TASK TO CARRY OUT:
Please, could you print all the lines below exactly, leaving out the pictures?
——————
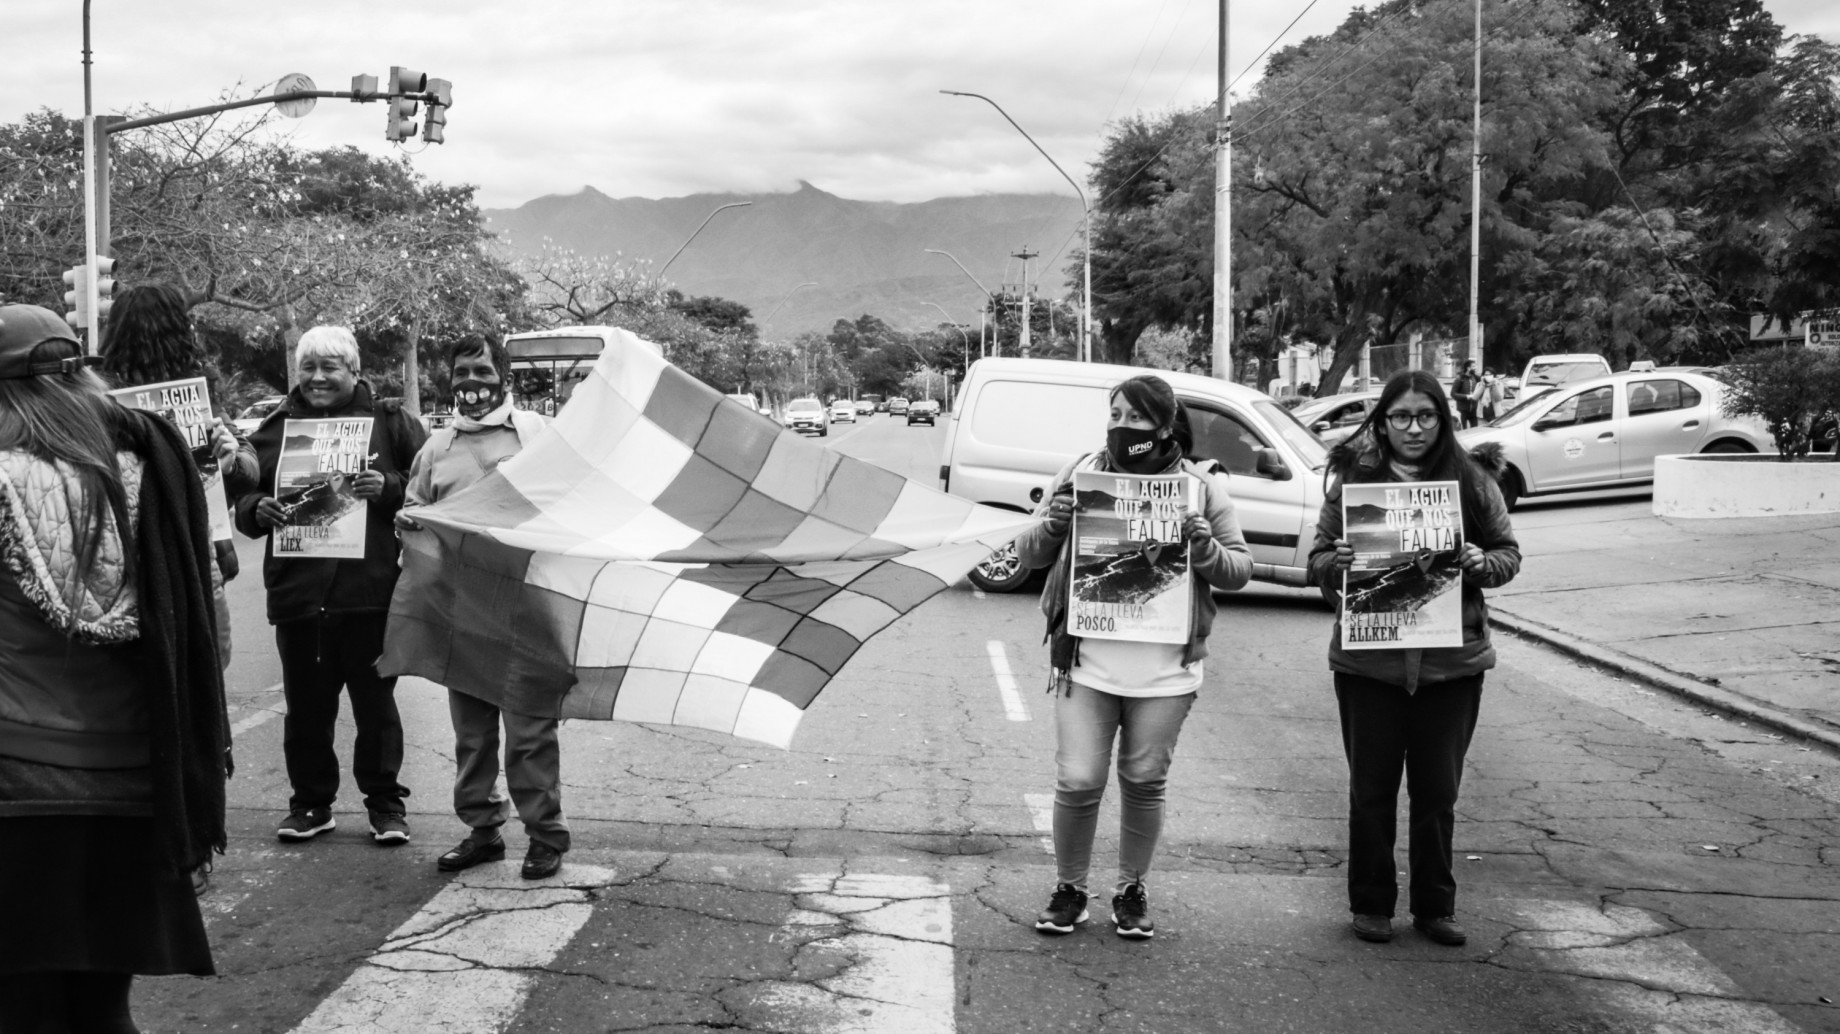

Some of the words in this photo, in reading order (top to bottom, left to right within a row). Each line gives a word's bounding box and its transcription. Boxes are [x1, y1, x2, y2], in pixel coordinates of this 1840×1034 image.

[135, 391, 156, 410] EL
[160, 385, 201, 408] AGUA
[173, 404, 204, 425] NOS
[316, 423, 329, 438] EL
[334, 422, 366, 437] AGUA
[312, 438, 335, 455] QUE
[337, 437, 361, 453] NOS
[1128, 440, 1153, 453] UPND
[320, 453, 359, 472] FALTA
[1115, 478, 1134, 499] EL
[1139, 480, 1181, 499] AGUA
[1384, 488, 1405, 508] EL
[1409, 487, 1451, 506] AGUA
[1114, 498, 1143, 519] QUE
[1150, 500, 1181, 520] NOS
[1385, 509, 1415, 531] QUE
[1421, 507, 1453, 528] NOS
[280, 526, 291, 538] SE
[292, 526, 302, 538] LA
[304, 526, 329, 539] LLEVA
[1129, 520, 1180, 541] FALTA
[1402, 528, 1454, 551] FALTA
[1077, 601, 1090, 617] SE
[1094, 602, 1108, 618] LA
[1111, 603, 1144, 620] LLEVA
[1350, 613, 1363, 628] SE
[1367, 613, 1381, 628] LA
[1384, 612, 1418, 628] LLEVA
[1076, 615, 1118, 633] POSCO.
[1349, 626, 1403, 642] ALLKEM.
——————
WRITTEN ANSWER:
Some of the words in this photo, in reading order (top to bottom, left to right within a row). Each line gives a word's bounding box and its transcription. Boxes are [x1, y1, x2, y2], in pixel coordinates of this 1840×1034 image.

[135, 391, 156, 410] EL
[160, 385, 201, 408] AGUA
[173, 404, 204, 425] NOS
[316, 423, 329, 438] EL
[334, 422, 366, 437] AGUA
[312, 438, 335, 455] QUE
[337, 437, 361, 453] NOS
[1128, 440, 1153, 453] UPND
[320, 453, 359, 472] FALTA
[1115, 478, 1134, 499] EL
[1139, 480, 1181, 499] AGUA
[1384, 488, 1405, 508] EL
[1409, 487, 1451, 506] AGUA
[1114, 498, 1143, 519] QUE
[1150, 500, 1181, 520] NOS
[1385, 509, 1415, 531] QUE
[1421, 507, 1453, 528] NOS
[280, 526, 291, 538] SE
[292, 526, 302, 538] LA
[304, 526, 329, 539] LLEVA
[1129, 520, 1180, 541] FALTA
[1402, 528, 1454, 551] FALTA
[1077, 601, 1090, 617] SE
[1094, 602, 1108, 618] LA
[1111, 603, 1144, 620] LLEVA
[1350, 613, 1363, 628] SE
[1367, 613, 1381, 628] LA
[1384, 612, 1418, 628] LLEVA
[1076, 615, 1118, 633] POSCO.
[1349, 626, 1403, 642] ALLKEM.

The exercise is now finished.